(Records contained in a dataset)
-=-=-

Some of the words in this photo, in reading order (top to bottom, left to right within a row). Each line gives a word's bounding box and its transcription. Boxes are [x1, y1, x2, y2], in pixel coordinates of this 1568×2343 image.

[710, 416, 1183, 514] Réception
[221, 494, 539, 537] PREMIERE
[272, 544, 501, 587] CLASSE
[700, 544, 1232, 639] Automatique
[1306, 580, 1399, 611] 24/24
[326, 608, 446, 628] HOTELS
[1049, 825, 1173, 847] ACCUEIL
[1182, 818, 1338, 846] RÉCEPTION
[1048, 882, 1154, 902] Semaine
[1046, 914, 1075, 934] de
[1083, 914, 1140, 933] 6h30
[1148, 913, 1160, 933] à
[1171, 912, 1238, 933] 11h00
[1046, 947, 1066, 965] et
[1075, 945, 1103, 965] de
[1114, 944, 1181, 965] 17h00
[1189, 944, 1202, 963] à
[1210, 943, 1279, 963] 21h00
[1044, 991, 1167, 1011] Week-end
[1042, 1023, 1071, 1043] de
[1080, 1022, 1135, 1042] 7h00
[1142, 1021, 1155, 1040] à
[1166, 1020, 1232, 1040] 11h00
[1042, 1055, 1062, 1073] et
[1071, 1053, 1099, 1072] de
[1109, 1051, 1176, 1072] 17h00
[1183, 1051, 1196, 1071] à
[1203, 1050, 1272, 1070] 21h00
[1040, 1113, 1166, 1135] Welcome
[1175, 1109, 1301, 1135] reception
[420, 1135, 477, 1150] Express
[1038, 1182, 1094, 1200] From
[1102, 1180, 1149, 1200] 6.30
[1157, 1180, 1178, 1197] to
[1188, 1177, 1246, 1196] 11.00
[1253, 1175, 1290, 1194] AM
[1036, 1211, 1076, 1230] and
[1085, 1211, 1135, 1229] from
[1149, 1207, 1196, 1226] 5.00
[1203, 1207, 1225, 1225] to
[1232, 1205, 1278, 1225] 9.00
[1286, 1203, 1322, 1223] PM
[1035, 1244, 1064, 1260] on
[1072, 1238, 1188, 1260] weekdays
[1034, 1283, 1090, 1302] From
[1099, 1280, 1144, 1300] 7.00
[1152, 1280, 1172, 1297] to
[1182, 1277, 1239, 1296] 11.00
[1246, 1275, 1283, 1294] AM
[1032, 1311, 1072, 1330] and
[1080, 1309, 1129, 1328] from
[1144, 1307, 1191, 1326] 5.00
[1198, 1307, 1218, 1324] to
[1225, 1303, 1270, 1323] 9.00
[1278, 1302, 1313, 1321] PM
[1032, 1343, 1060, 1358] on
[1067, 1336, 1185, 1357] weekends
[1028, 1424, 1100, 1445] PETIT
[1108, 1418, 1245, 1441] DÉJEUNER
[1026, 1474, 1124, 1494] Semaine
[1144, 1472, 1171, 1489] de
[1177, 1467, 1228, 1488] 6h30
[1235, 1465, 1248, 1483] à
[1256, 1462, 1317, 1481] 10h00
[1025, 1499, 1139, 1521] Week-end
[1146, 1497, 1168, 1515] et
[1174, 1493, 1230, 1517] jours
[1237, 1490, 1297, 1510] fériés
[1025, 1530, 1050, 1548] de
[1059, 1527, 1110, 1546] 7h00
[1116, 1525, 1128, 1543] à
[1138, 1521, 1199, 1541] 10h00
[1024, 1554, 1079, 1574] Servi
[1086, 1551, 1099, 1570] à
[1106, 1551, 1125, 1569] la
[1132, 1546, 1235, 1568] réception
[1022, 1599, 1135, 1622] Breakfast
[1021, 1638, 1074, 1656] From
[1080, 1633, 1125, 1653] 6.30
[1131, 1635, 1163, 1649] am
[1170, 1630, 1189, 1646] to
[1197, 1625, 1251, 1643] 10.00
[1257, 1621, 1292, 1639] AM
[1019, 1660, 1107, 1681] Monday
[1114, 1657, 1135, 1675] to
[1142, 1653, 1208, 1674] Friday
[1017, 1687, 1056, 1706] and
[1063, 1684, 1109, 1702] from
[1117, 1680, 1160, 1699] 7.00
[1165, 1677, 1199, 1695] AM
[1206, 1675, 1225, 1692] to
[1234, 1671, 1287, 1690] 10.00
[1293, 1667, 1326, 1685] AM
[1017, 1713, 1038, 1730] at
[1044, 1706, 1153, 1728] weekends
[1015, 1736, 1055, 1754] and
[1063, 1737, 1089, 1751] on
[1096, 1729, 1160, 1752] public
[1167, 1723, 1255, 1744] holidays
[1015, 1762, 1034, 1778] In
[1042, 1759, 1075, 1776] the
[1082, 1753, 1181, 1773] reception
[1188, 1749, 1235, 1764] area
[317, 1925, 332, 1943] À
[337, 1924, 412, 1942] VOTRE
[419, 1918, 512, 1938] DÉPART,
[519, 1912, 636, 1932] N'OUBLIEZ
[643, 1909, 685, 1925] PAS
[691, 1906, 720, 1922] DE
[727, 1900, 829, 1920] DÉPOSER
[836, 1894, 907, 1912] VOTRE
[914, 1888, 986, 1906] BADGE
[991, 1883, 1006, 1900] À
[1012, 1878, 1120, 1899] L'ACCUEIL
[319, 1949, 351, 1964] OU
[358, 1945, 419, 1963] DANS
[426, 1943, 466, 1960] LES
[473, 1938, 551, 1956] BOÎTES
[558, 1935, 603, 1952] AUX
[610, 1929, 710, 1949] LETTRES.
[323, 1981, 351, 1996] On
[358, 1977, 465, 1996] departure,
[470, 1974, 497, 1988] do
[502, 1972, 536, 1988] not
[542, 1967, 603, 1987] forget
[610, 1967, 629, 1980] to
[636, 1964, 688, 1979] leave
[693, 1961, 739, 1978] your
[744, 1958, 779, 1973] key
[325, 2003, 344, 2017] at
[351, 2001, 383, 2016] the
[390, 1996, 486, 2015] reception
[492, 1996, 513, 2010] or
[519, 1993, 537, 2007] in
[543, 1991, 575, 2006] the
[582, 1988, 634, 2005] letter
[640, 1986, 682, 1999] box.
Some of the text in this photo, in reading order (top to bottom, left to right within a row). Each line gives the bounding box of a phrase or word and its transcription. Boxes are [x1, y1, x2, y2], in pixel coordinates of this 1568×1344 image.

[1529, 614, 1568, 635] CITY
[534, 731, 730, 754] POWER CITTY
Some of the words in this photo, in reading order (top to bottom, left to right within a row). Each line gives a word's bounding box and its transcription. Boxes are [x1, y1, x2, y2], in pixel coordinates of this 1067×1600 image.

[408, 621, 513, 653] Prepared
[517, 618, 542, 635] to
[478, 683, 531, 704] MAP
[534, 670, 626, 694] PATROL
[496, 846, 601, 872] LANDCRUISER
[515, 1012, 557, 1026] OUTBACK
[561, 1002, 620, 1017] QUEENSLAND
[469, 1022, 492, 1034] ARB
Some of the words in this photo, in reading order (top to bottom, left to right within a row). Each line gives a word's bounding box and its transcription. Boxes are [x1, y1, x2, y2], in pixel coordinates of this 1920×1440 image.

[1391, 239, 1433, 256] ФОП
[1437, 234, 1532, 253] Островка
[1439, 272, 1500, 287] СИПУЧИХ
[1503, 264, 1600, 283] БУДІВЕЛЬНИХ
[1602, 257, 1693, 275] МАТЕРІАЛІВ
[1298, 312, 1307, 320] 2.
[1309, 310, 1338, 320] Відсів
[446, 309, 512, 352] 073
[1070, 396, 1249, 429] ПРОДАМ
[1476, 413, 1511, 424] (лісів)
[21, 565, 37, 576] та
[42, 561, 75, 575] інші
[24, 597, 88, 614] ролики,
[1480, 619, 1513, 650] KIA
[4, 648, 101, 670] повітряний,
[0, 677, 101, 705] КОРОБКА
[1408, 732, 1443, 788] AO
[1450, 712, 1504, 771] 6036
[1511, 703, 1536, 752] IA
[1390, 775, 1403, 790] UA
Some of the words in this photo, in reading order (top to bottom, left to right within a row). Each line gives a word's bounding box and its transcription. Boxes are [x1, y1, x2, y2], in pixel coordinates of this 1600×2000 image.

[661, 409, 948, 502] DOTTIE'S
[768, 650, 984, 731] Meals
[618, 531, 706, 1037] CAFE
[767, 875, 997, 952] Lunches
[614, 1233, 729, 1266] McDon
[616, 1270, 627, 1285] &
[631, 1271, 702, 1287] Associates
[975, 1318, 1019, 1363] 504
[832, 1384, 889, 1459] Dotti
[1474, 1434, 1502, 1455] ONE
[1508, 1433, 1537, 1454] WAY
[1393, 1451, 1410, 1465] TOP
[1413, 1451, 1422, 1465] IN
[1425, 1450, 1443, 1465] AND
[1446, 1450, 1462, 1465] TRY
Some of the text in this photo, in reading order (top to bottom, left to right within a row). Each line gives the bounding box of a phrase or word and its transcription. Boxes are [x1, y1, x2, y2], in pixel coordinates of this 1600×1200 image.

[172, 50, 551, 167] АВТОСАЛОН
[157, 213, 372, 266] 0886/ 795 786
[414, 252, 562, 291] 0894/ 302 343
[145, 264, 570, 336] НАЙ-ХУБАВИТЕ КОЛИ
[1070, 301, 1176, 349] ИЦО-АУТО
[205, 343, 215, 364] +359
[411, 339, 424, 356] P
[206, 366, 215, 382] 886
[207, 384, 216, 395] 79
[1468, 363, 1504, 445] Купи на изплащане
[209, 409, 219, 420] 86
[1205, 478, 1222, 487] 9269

-=-=-

> Exercise brief: Please return exactly the lines from the one containing "this 1600×2000 image." through the end of the entries above, adding no other line.

> Task solution:
Some of the words in this photo, in reading order (top to bottom, left to right within a row). Each line gives a word's bounding box and its transcription. Boxes are [x1, y1, x2, y2], in pixel coordinates of this 1600×2000 image.

[661, 409, 948, 502] DOTTIE'S
[768, 650, 984, 731] Meals
[618, 531, 706, 1037] CAFE
[767, 875, 997, 952] Lunches
[614, 1233, 729, 1266] McDon
[616, 1270, 627, 1285] &
[631, 1271, 702, 1287] Associates
[975, 1318, 1019, 1363] 504
[832, 1384, 889, 1459] Dotti
[1474, 1434, 1502, 1455] ONE
[1508, 1433, 1537, 1454] WAY
[1393, 1451, 1410, 1465] TOP
[1413, 1451, 1422, 1465] IN
[1425, 1450, 1443, 1465] AND
[1446, 1450, 1462, 1465] TRY
Some of the text in this photo, in reading order (top to bottom, left to right within a row). Each line gives the bounding box of a phrase or word and its transcription. Boxes are [x1, y1, x2, y2], in pixel coordinates of this 1600×1200 image.

[172, 50, 551, 167] АВТОСАЛОН
[157, 213, 372, 266] 0886/ 795 786
[414, 252, 562, 291] 0894/ 302 343
[145, 264, 570, 336] НАЙ-ХУБАВИТЕ КОЛИ
[1070, 301, 1176, 349] ИЦО-АУТО
[205, 343, 215, 364] +359
[411, 339, 424, 356] P
[206, 366, 215, 382] 886
[207, 384, 216, 395] 79
[1468, 363, 1504, 445] Купи на изплащане
[209, 409, 219, 420] 86
[1205, 478, 1222, 487] 9269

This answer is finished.